Production-grade long-term memory, documentation search, and cross-agent knowledge sharing for OpenClaw
OpenClaw's built-in memory indexes your markdown files. This toolkit goes further — it extracts structured knowledge from your sessions, builds a searchable documentation knowledge base, and optionally bridges your agent's memory to other systems.
| Capability | OpenClaw Built-in | This Toolkit |
|---|---|---|
| Session context (conversation history) | Yes | — (uses native) |
| Markdown file indexing | Yes (sqlite-vec) | — (uses native) |
| Auto-compaction with memory flush | Yes | — (uses native) |
| Structured fact extraction from sessions | No | Yes — LLM extracts discrete facts from session noise |
| Long-term vector memory (Qdrant) | No | Yes — separate from session SQLite |
| Documentation knowledge base | No | Yes — embed any docs, 45K+ vectors |
| Client data isolation | No | Yes — mandatory client_id on every memory |
| Credential scrubbing | No | Yes — API keys, tokens, emails redacted before storage |
| GDPR-compliant bulk deletion | No | Yes — per-client erasure with audit log |
| Cross-agent memory bridge | No | Yes — optional bridge to Multi-Agent Memory |
| Encrypted backups | No | Yes — GPG-encrypted Qdrant snapshots |
| Importance classification | No | Yes — critical/high/medium/low per fact |
| Category tagging | No | Yes — semantic/episodic/procedural |
| Access tracking & decay | Temporal decay on files | Yes — per-fact access count + last_accessed |
OpenClaw's native memory is file-based — it indexes the markdown you write. That's good for recent context but terrible for long-term knowledge. After 100 sessions, your daily logs are a haystack.
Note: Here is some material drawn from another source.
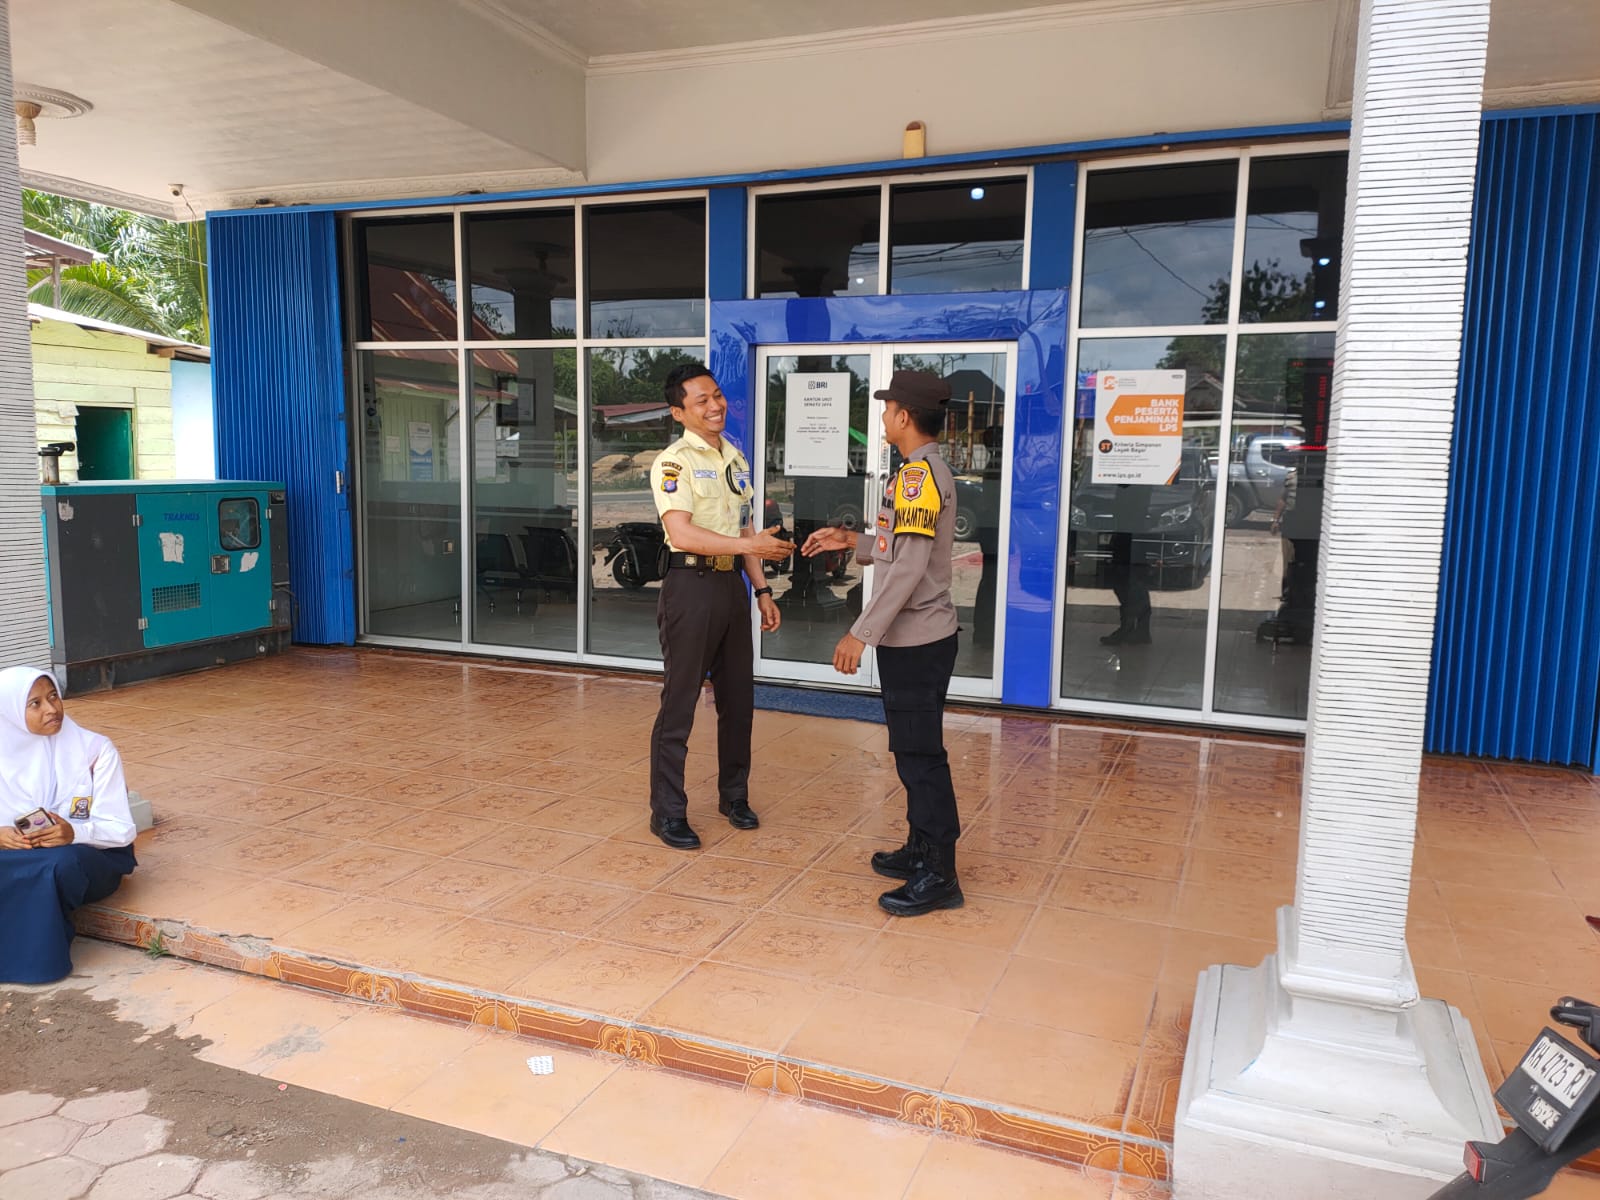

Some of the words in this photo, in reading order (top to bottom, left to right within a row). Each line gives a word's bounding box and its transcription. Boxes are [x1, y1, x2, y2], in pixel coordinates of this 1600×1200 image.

This toolkit is fact-based — an LLM reads your session transcripts, extracts the knowledge that actually matters, classifies it, scrubs credentials, and stores structured facts in a vector database. Six months later, you can ask "what does this client prefer?" and get a precise answer, not a wall of old conversation.
| Skill | What it does |
|---|---|
memory-store |
Store a fact with embeddings, credential scrubbing, client isolation |
memory-query |
Semantic search over stored facts (+ optional Shared Brain) |
memory-delete |
Delete by ID or bulk client erasure (GDPR) with audit logging |
docs-query |
Search embedded documentation (any source) |
| Script | What it does |
|---|---|
memory-consolidate.sh |
The core engine. Reads OpenClaw session chunks → LLM extracts facts (JSON mode) → stores in Qdrant. Runs on cron. |
backup-vectordb.sh |
Qdrant snapshot → GPG encrypt → rotate (keep N). Runs on cron. |
| File | What it does |
|---|---|
docs-ingest.py |
Main pipeline: git clone → chunk → embed → upsert |
chunker.py |
Header-aware markdown splitter. Preserves code blocks, adds breadcrumb context. |
embedder.py |
Batch embedding via OpenAI (with retry, fallback to single-item on failure) |
qdrant_ops.py |
Qdrant CRUD helpers (upsert, delete, scroll, stats) |
config.py |
All configuration in one place, reads from .env |
- A running Qdrant instance (Docker recommended)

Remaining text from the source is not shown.